The Treaty of Rastatt was a peace treaty between France and Austria that was concluded on 7 March 1714 in the Baden city of Rastatt to end the War of the Spanish Succession between both countries. The treaty followed the Treaty of Utrecht of 11 April 1713, which had ended hostilities between France and Spain, on the one hand, and Great Britain and the Dutch Republic, on the other. A third treaty at Baden, Switzerland, was required to end the hostilities between France and the Holy Roman Empire.

By 1713, all parties to the war had been militarily depleted, and it was unlikely that continuing the conflict would bring about any results in the foreseeable future. The First Congress of Rastatt opened in November 1713 between France and Austria.
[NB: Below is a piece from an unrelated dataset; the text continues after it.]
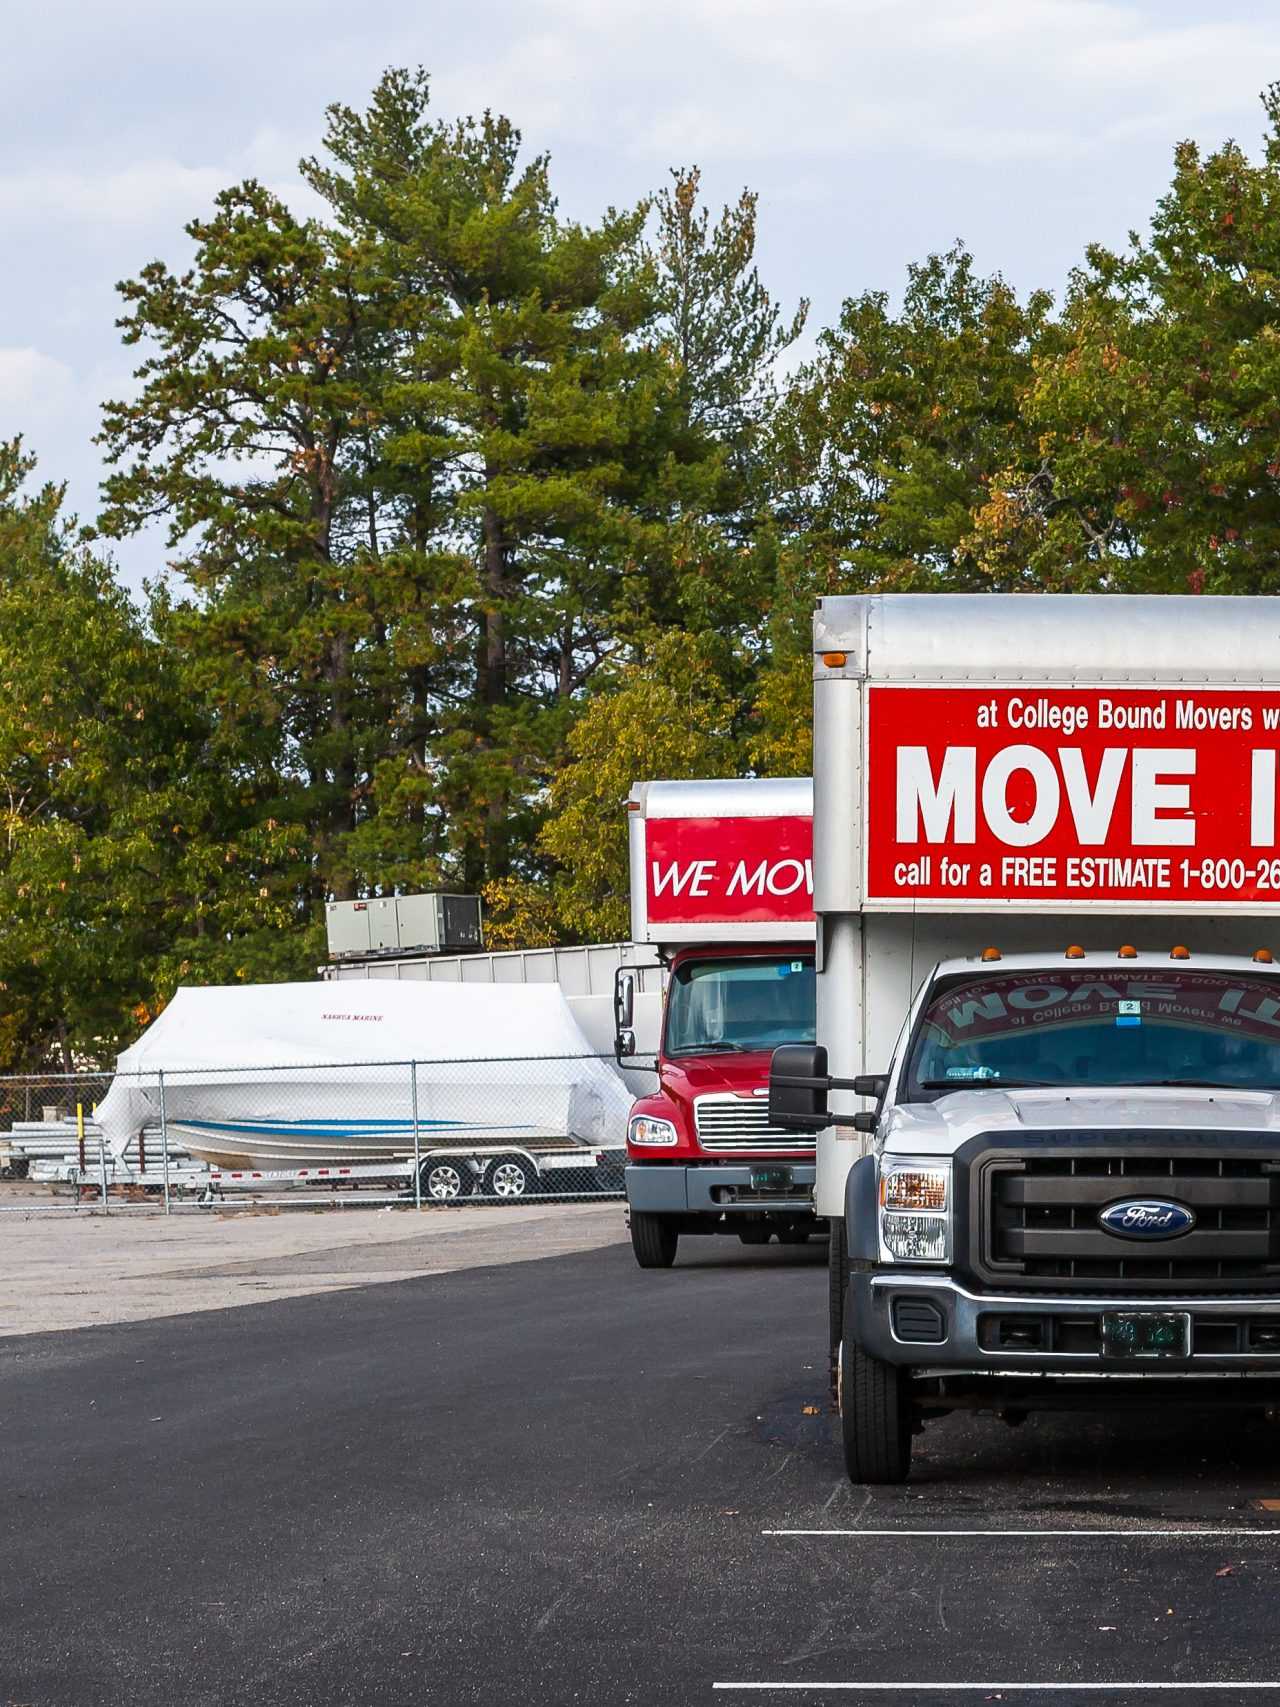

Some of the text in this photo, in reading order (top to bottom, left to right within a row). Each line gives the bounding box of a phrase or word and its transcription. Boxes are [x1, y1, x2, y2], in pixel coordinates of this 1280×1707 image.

The negotiations culminated in the Treaty of Rastatt on 7 March 1714, which ended hostilities and complemented the Treaty of Utrecht, which had been signed the previous year.

The Treaty of Rastatt was negotiated by Marshal of France, Claude Louis Hector de Villars, and the Austrian Prince Eugene of Savoy.
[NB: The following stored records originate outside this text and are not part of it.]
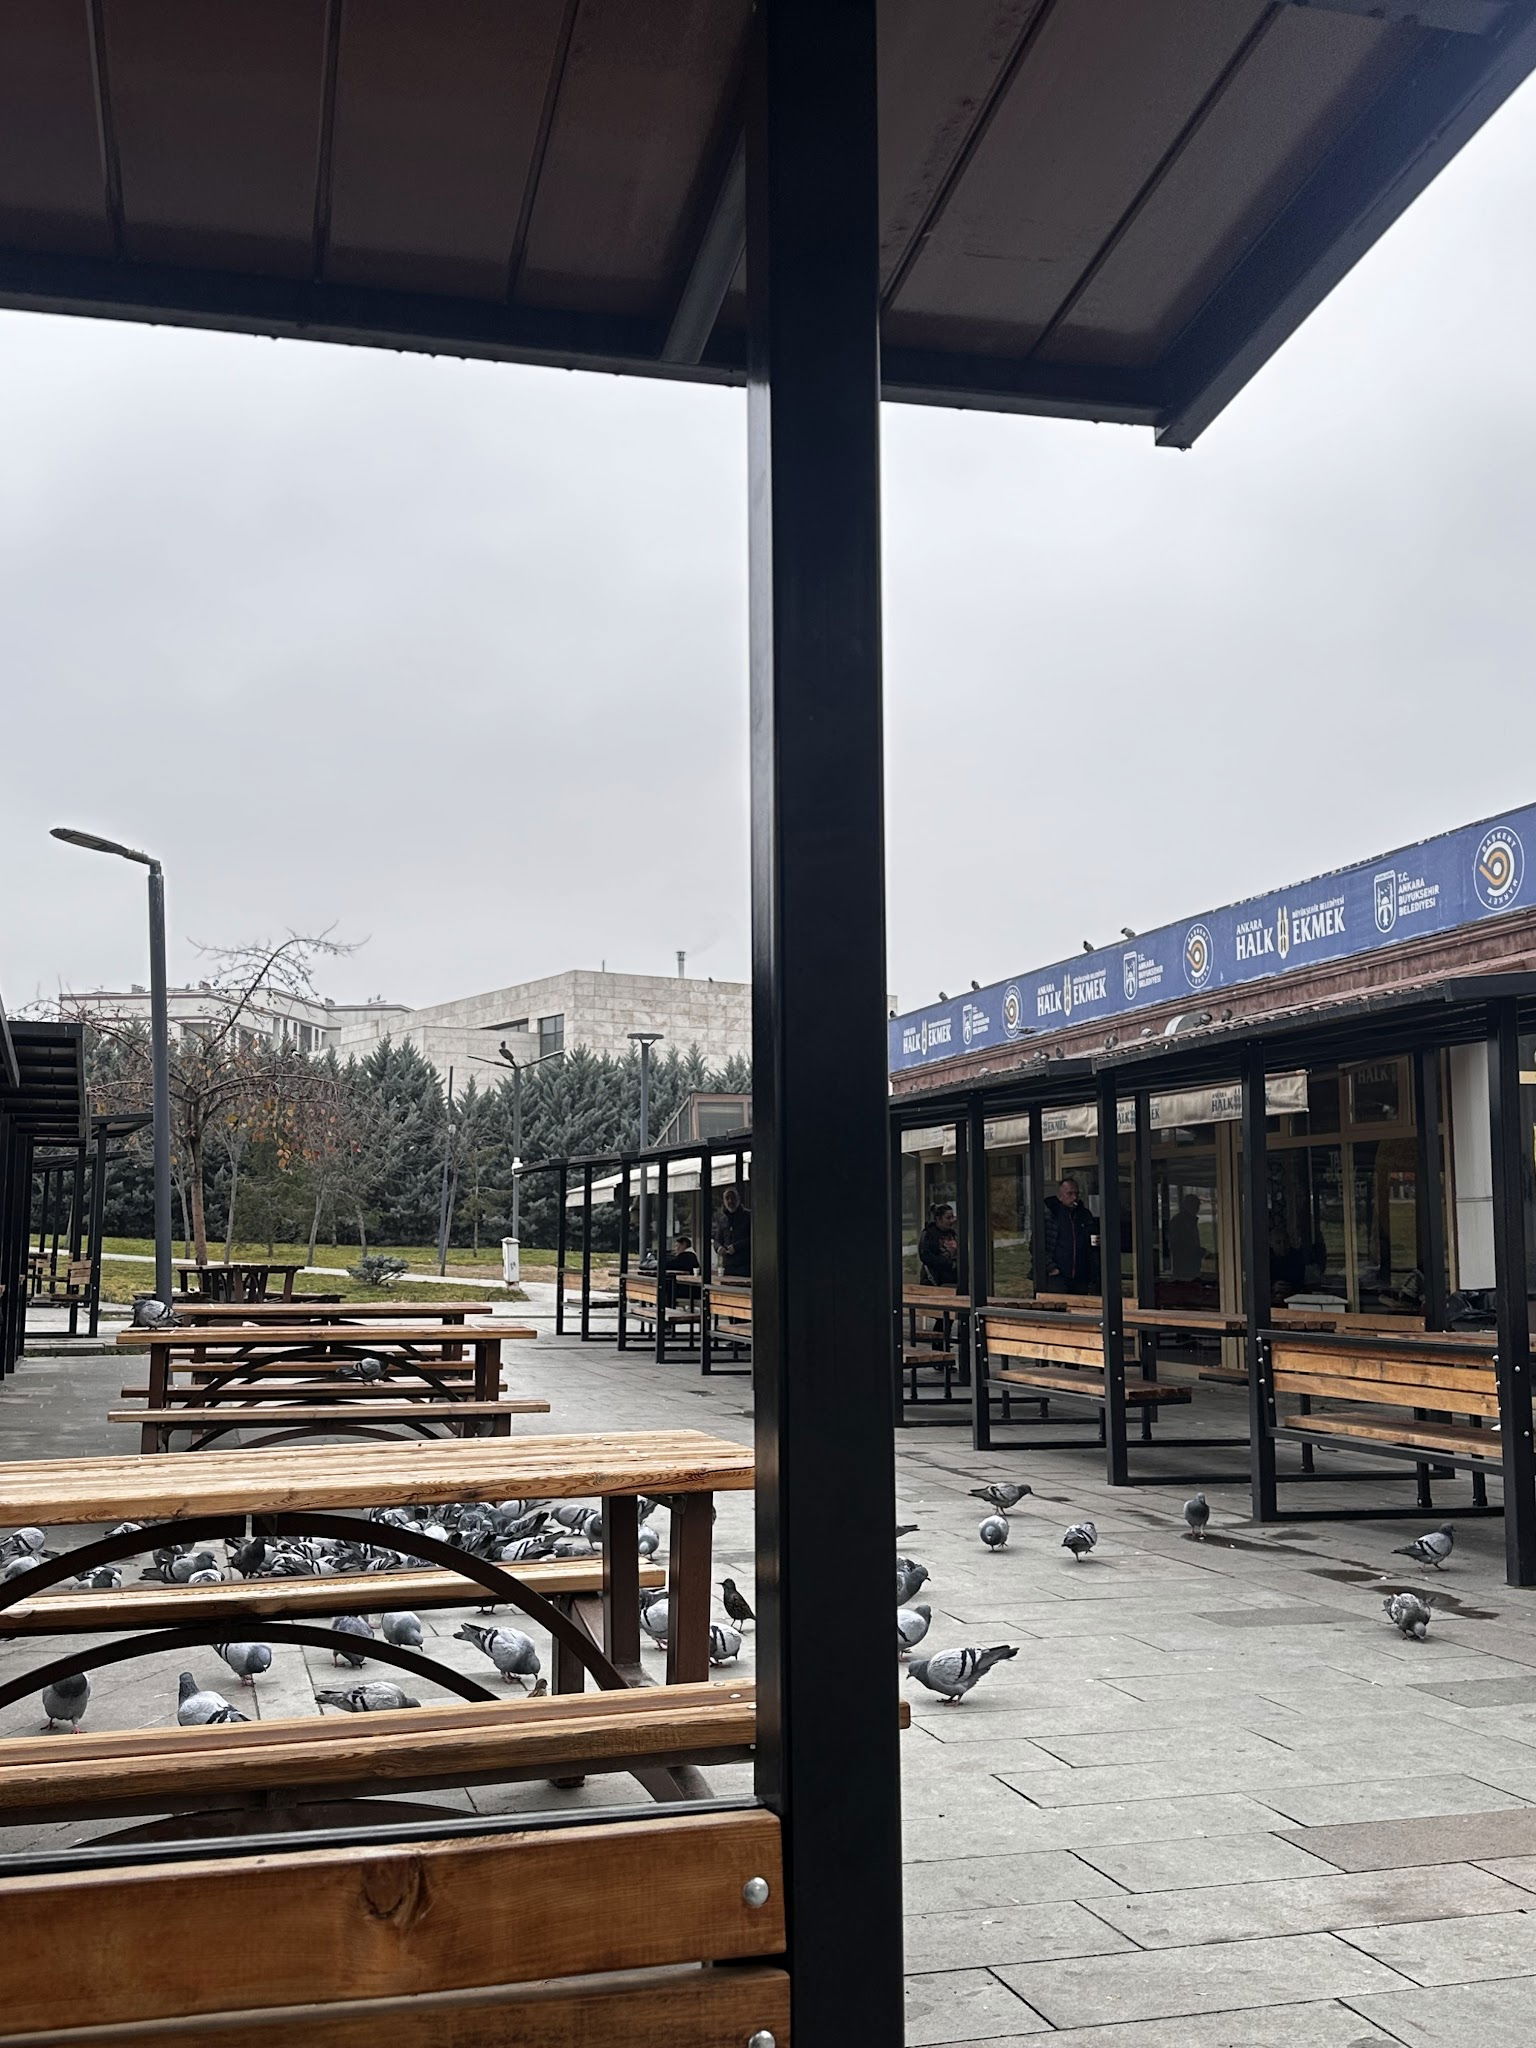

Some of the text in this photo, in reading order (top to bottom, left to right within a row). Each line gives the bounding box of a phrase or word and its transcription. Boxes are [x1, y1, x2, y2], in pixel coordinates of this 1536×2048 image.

[1398, 877, 1426, 894] ANKARA
[1236, 918, 1263, 936] ANKARA
[1236, 906, 1346, 961] HALK EKMEK
[1036, 977, 1107, 1017] HALK EKMEK
[903, 1033, 921, 1055] HALK
[928, 1024, 952, 1047] EKMEK
[1211, 1096, 1234, 1113] HALK
The treaty is associated with changes in European politics to emphasise the balance of power.

Background
Austria began to negotiate the treaty with France after it had been abandoned by its allies, particularly Great Britain, during the negotiations for the Treaty of Utrecht. Great Britain feared a possible personal union of Austria and Spain under the Emperor Charles VI, who took the imperial throne in 1711 and claimed the Spanish throne, since that would shift the European balance of power toward the House of Habsburg.

In June 1713, France launched its Rhine campaign against the Holy Roman Empire and conquered Kaiserslautern, Landau and Breisgau. After those defeats, Emperor Charles VI accepted an offer by Louis XIV of France to reopen negotiations.

Territorial changes

Under the treaty, Austria received the Spanish territories in Italy of  Naples,  Milan,  Sardinia and the Southern Netherlands. Austria also received Freiburg and several other small areas at its eastern borders from France, which however retained Landau.
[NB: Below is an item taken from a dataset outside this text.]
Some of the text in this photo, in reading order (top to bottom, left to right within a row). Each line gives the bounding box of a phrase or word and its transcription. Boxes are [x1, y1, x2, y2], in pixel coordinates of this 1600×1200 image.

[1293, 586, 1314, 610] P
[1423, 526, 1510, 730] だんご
As a result of the treaty, the Habsburg Empire reached its largest territorial extent since the division of the possessions of Charles V in 1556. It became a power in Western and Southern Europe, in addition to its already-dominant influence in Central Europe. Moreover, bargaining in Rastatt gained for Austria much more than it was offered at Utrecht, at which it had originally also participated. However, Emperor Charles VI was outraged at the loss of Spain and thus considered the war's outcome an unacceptable failure. 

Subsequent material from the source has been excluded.